§ SUPPLIED MATERIAL:
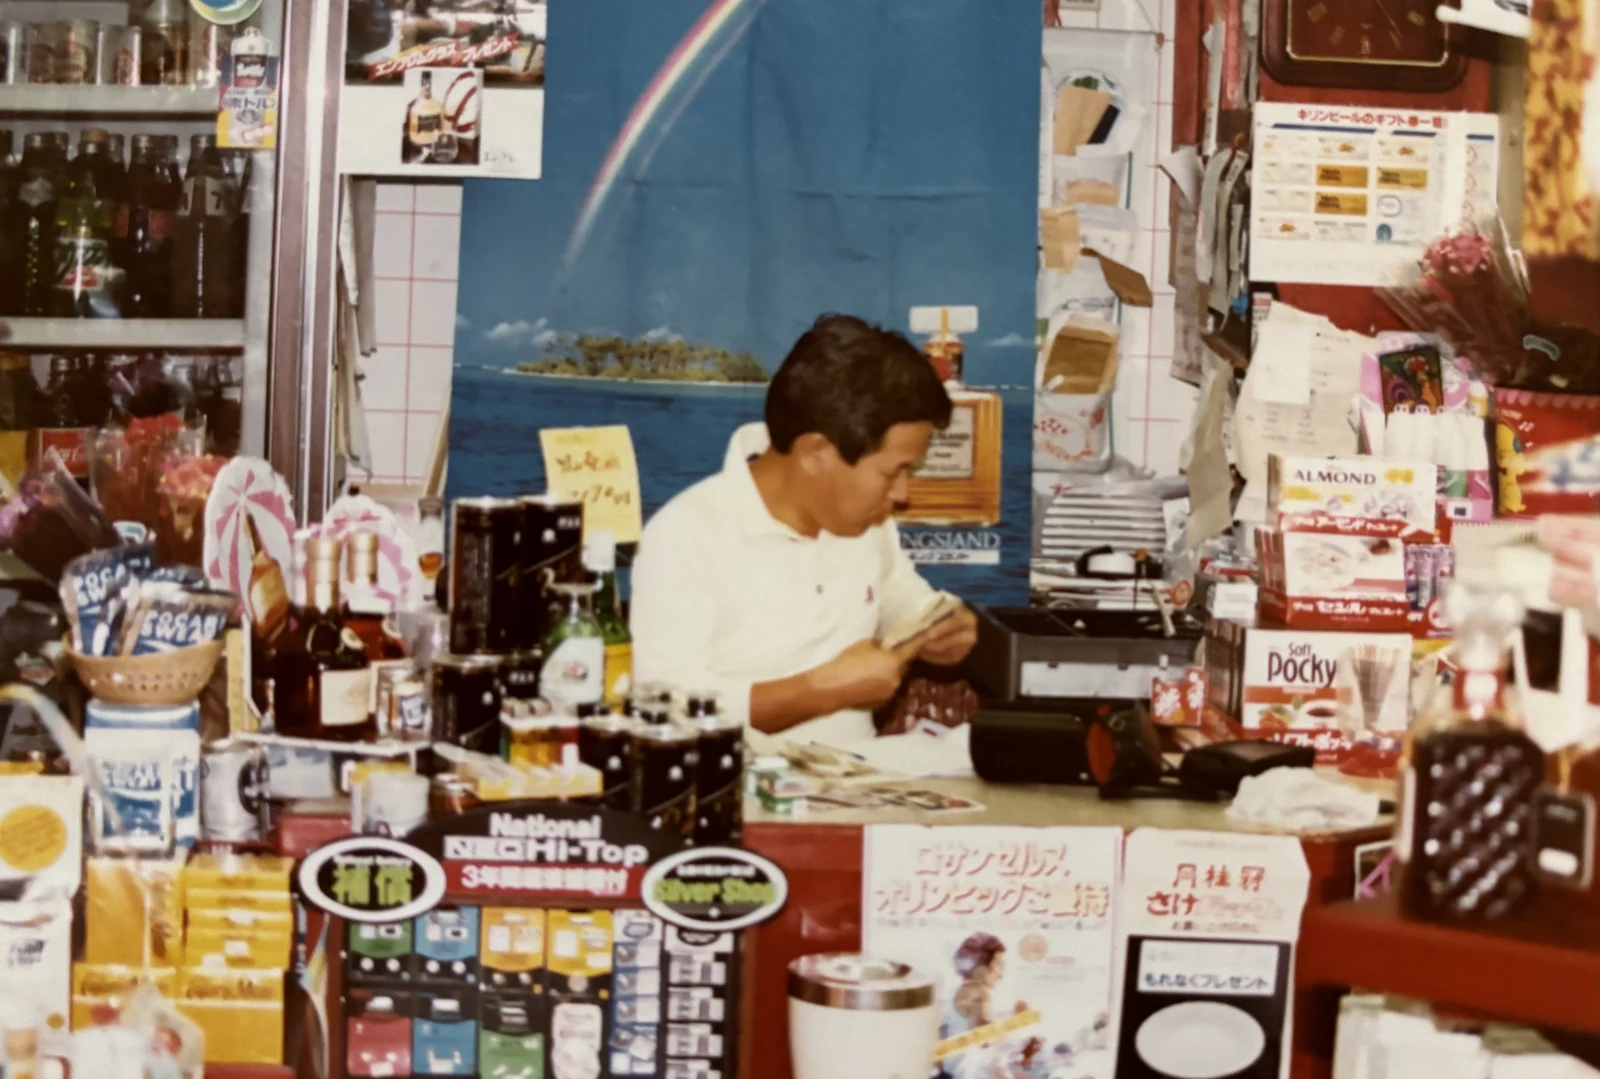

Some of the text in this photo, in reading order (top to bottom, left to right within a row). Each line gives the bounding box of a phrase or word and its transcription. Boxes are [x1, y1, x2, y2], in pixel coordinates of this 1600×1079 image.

[1294, 469, 1377, 485] ALMOND
[901, 531, 1000, 549] NGSLAND
[1288, 642, 1313, 657] Soft
[489, 811, 602, 838] National
[1144, 972, 1270, 991] もれなくプレゼント

§ WORK ITEM: Strip the images and reproduce the remaining records precisely.

§ REPLY TO THE EXERCISE:
Some of the text in this photo, in reading order (top to bottom, left to right within a row). Each line gives the bounding box of a phrase or word and its transcription. Boxes are [x1, y1, x2, y2], in pixel coordinates of this 1600×1079 image.

[1294, 469, 1377, 485] ALMOND
[901, 531, 1000, 549] NGSLAND
[1288, 642, 1313, 657] Soft
[489, 811, 602, 838] National
[1144, 972, 1270, 991] もれなくプレゼント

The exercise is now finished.